Tomlin também recordou uma tentativa de consolidação e racionalização entre faculdades anglicanas na década de 1990, que, na maioria das vezes, não teve sucesso real. No entanto, ele previu que, se o declínio atual no número de alunos não mudasse rapidamente, algumas faculdades teriam que fechar ou se fundir, ou então diversificar e encontrar outras fontes de receita para sobreviver.

Outra possibilidade é que as faculdades bíblicas busquem obter seus próprios poderes para outorga de diplomas, em vez de depender da validação de universidades externas, muitas vezes seculares e também pressionadas. Isso não apenas economiza em taxas de validação, mas também permite que as faculdades evitem os obstáculos impostos pelas universidades parceiras.

O Spurgeon’s College, em Londres, acaba de se tornar o primeiro a conquistar esses poderes, o que pode transformar o cenário se começar a atuar como parceiro de validação para outras instituições evangélicas.

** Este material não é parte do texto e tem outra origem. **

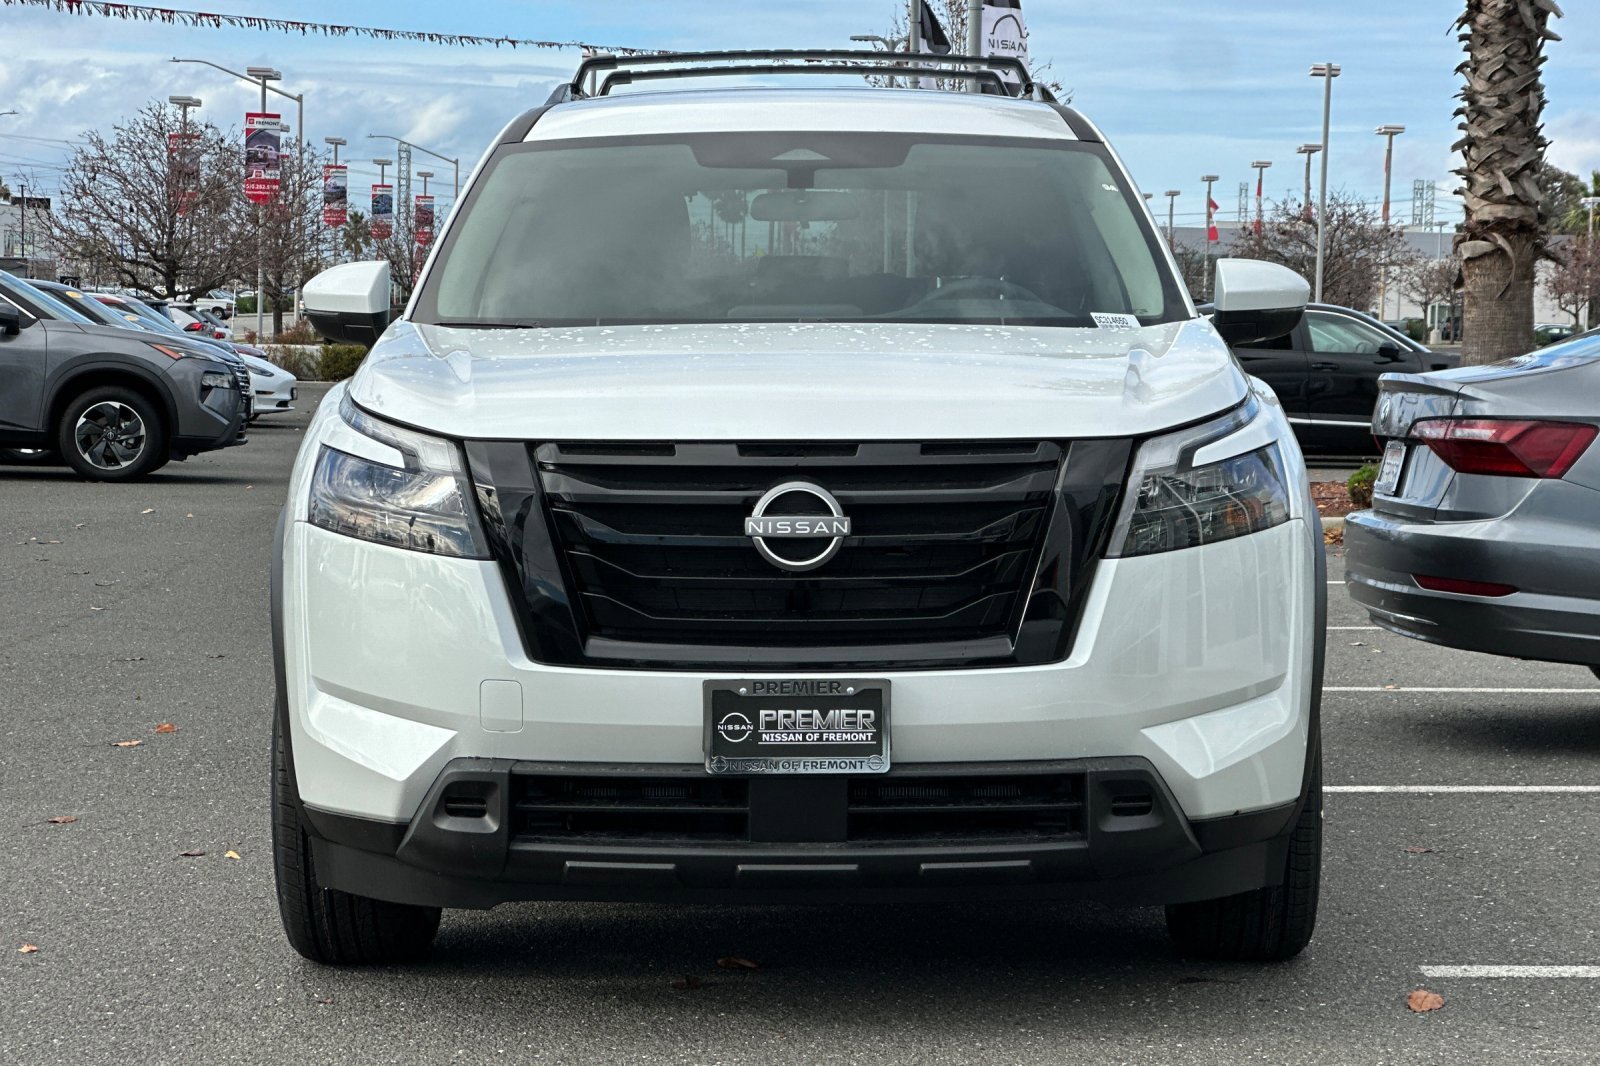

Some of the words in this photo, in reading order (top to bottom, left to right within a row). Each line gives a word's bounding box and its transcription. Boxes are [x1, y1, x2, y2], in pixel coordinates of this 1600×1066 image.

[748, 521, 848, 534] NISSAN
[752, 681, 842, 695] PREMIER
[759, 709, 876, 730] PREMIER
[762, 733, 802, 742] NISSAN
[806, 733, 820, 742] OF
[823, 732, 873, 741] FREMONT
[729, 760, 778, 772] NISSAN
[781, 760, 800, 770] OF
[803, 760, 866, 770] FREMONT
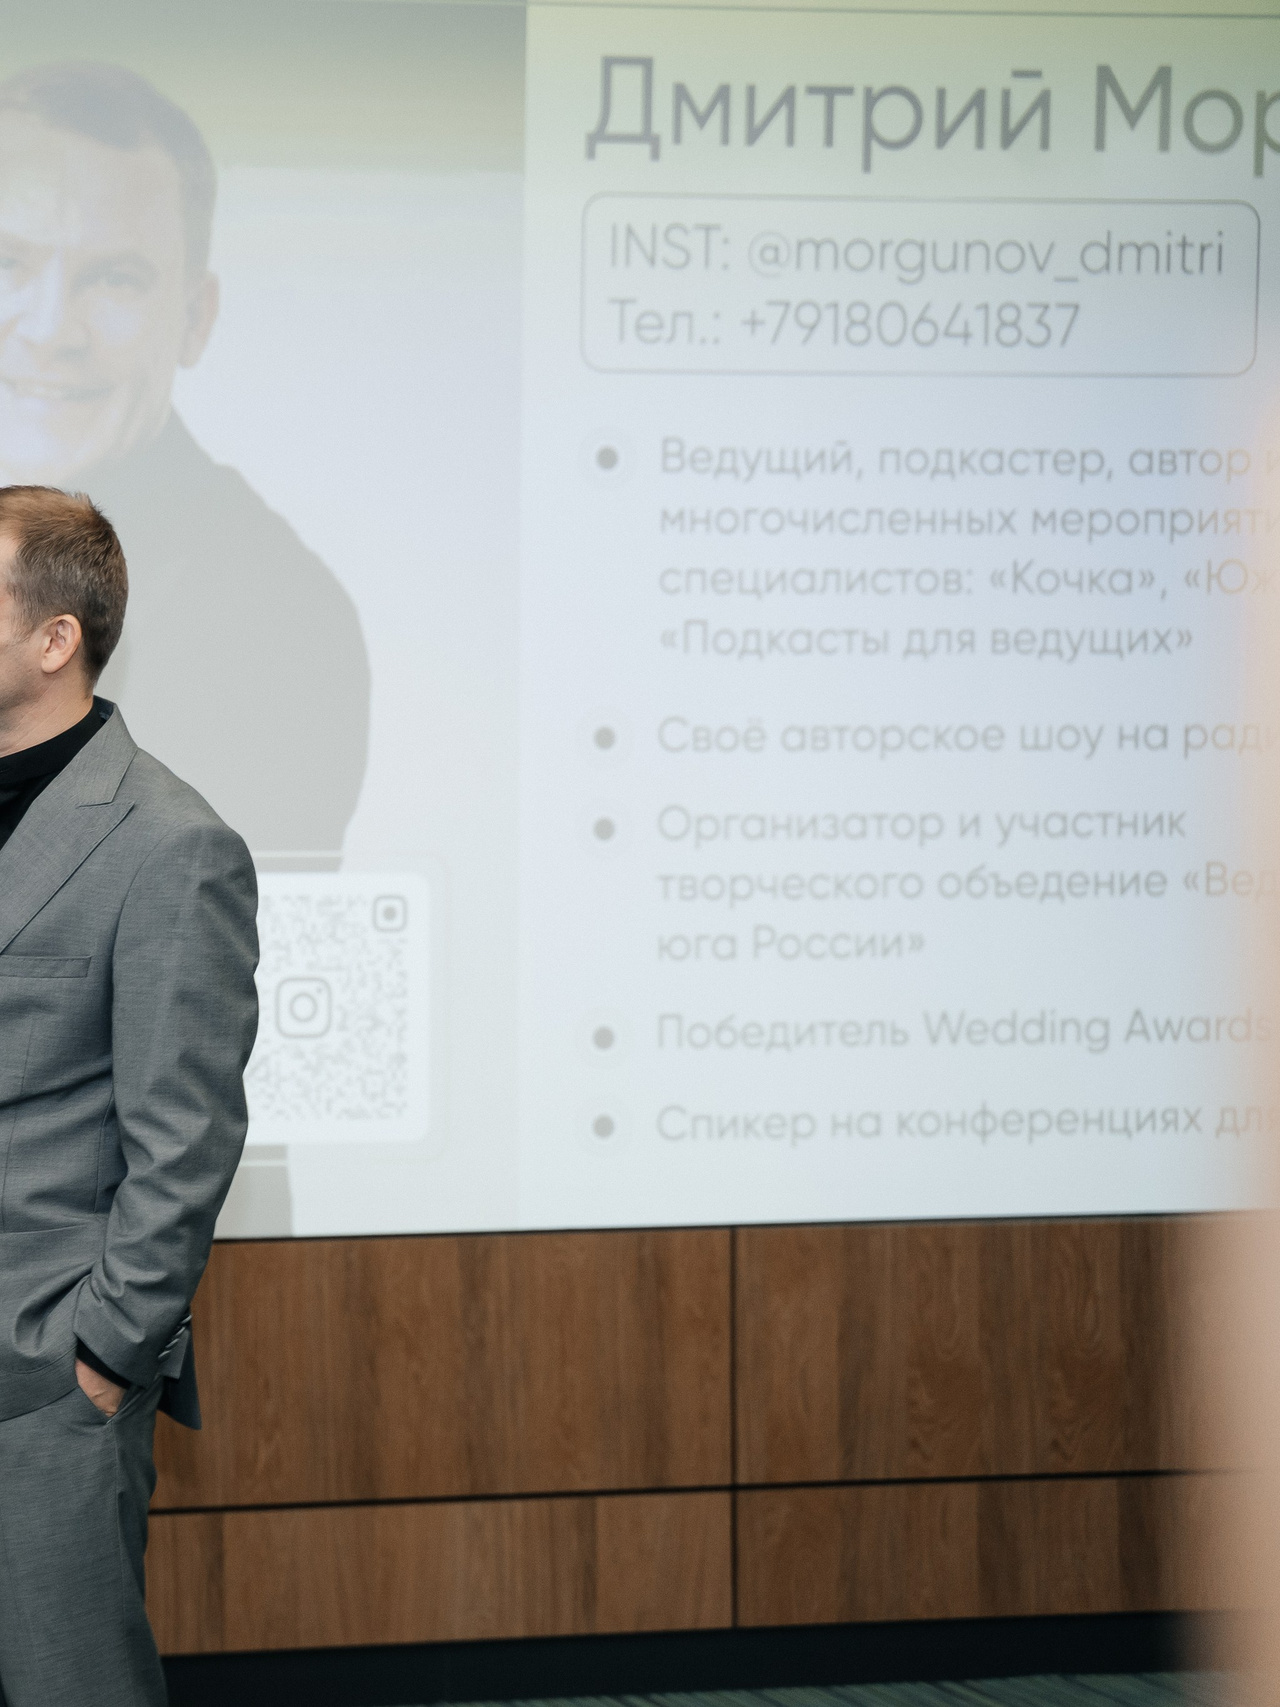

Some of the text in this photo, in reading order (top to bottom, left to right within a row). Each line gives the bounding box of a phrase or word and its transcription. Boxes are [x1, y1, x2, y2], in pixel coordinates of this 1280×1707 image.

[585, 55, 1052, 174] Дмитрий
[610, 221, 1224, 286] INST: @morgunov_dmitri
[607, 296, 1081, 349] Тел.: +79180641837
[660, 435, 864, 484] Ведущий,
[878, 447, 1114, 485] подкастер,
[1127, 448, 1252, 485] автор
[659, 506, 1017, 537] многочисленных
[658, 567, 973, 601] специалистов:
[989, 559, 1167, 601] «Кочка»,
[659, 617, 1193, 664] «Подкасты для ведущих»
[656, 714, 768, 754] Своё
[780, 723, 1007, 761] авторское
[1019, 723, 1105, 761] шоу
[1117, 723, 1169, 752] на
[656, 803, 1186, 850] Организатор и участник
[656, 871, 926, 909] творческого
[937, 863, 1169, 904] объедение
[657, 923, 926, 963] юга России»
[657, 1012, 911, 1053] Победитель
[922, 1009, 1111, 1055] Wedding
[655, 1103, 818, 1149] Спикер
[830, 1110, 883, 1140] на
[896, 1102, 1202, 1145] конференциях
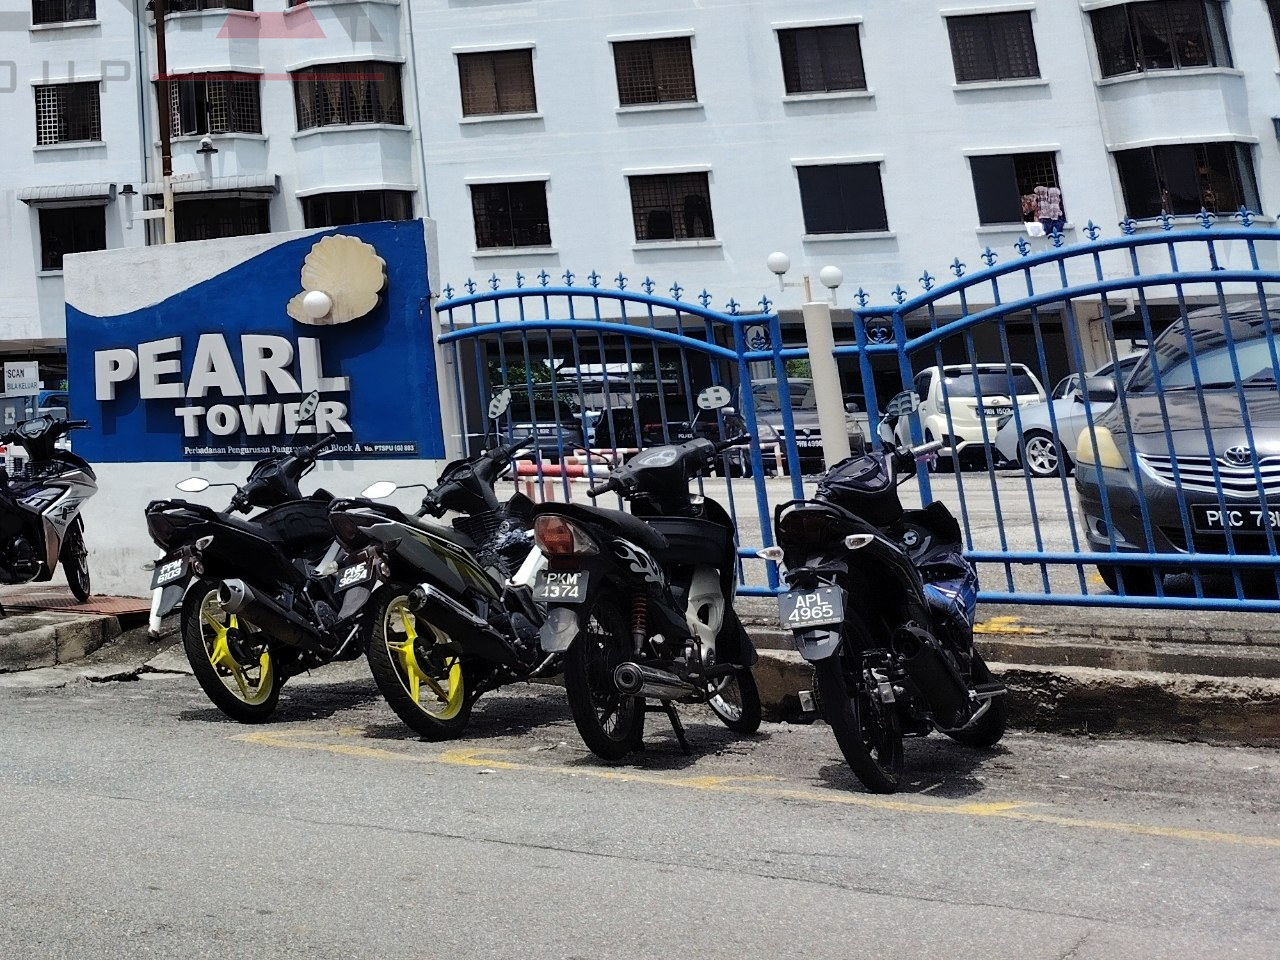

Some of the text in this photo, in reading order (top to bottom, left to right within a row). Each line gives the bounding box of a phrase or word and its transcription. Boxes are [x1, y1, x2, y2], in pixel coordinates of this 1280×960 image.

[7, 368, 24, 379] SCAN
[94, 333, 350, 401] PEARL
[19, 382, 38, 390] KELUAR
[174, 401, 353, 437] TOWER
[184, 446, 226, 454] Perbadanan
[227, 445, 271, 455] Pengurusan
[331, 443, 354, 452] Block
[354, 443, 361, 452] A
[546, 572, 578, 585] PKM
[795, 592, 829, 609] APL
[788, 604, 834, 621] 4965

O Moorlands College também está avançando para atender aos requisitos necessários para obter seus próprios poderes de outorga de diplomas.

Desafios enfrentados

O cenário é misto e complexo. No entanto, apesar dos numerosos desafios enfrentados pelas instituições teológicas, persiste uma veia teimosa de otimismo entre a maioria, possivelmente impulsionada pela convicção de que o estudo teológico é essencial e não uma mera indulgência da era da cristandade a ser descartada.

Nem todas as faculdades podem ou devem sobreviver, mas a teologia persistirá.

“O estudo teológico não é um luxo – é uma necessidade para a igreja,” afirmou Tomlin. Ele alertou que, se os líderes da igreja não forem treinados em discernimento bíblico e não forem capazes de distinguir entre bom e mau ensino, “a igreja declinará ainda mais, oferecendo apenas um eco fraco do que todos os outros pensam.”

As faculdades não existem por si mesmas, mas para construir “igrejas mais fortes e saudáveis,” acrescentou Norridge.

“Esse é o objetivo final. Acredito que as instituições teológicas perderam de vista isso. Não existimos para nós mesmos; existimos porque queremos ver o reino de Deus manifestado através da igreja.”

Doherty afirmou que não se levanta todos os dias motivado a preservar o número de faculdades no Reino Unido. Em última análise, “Jesus é o educador teológico, e enquanto houver uma igreja, Jesus chamará as pessoas para pensar nele e conhecê-lo. E enquanto isso estiver acontecendo, a teologia estará acontecendo.”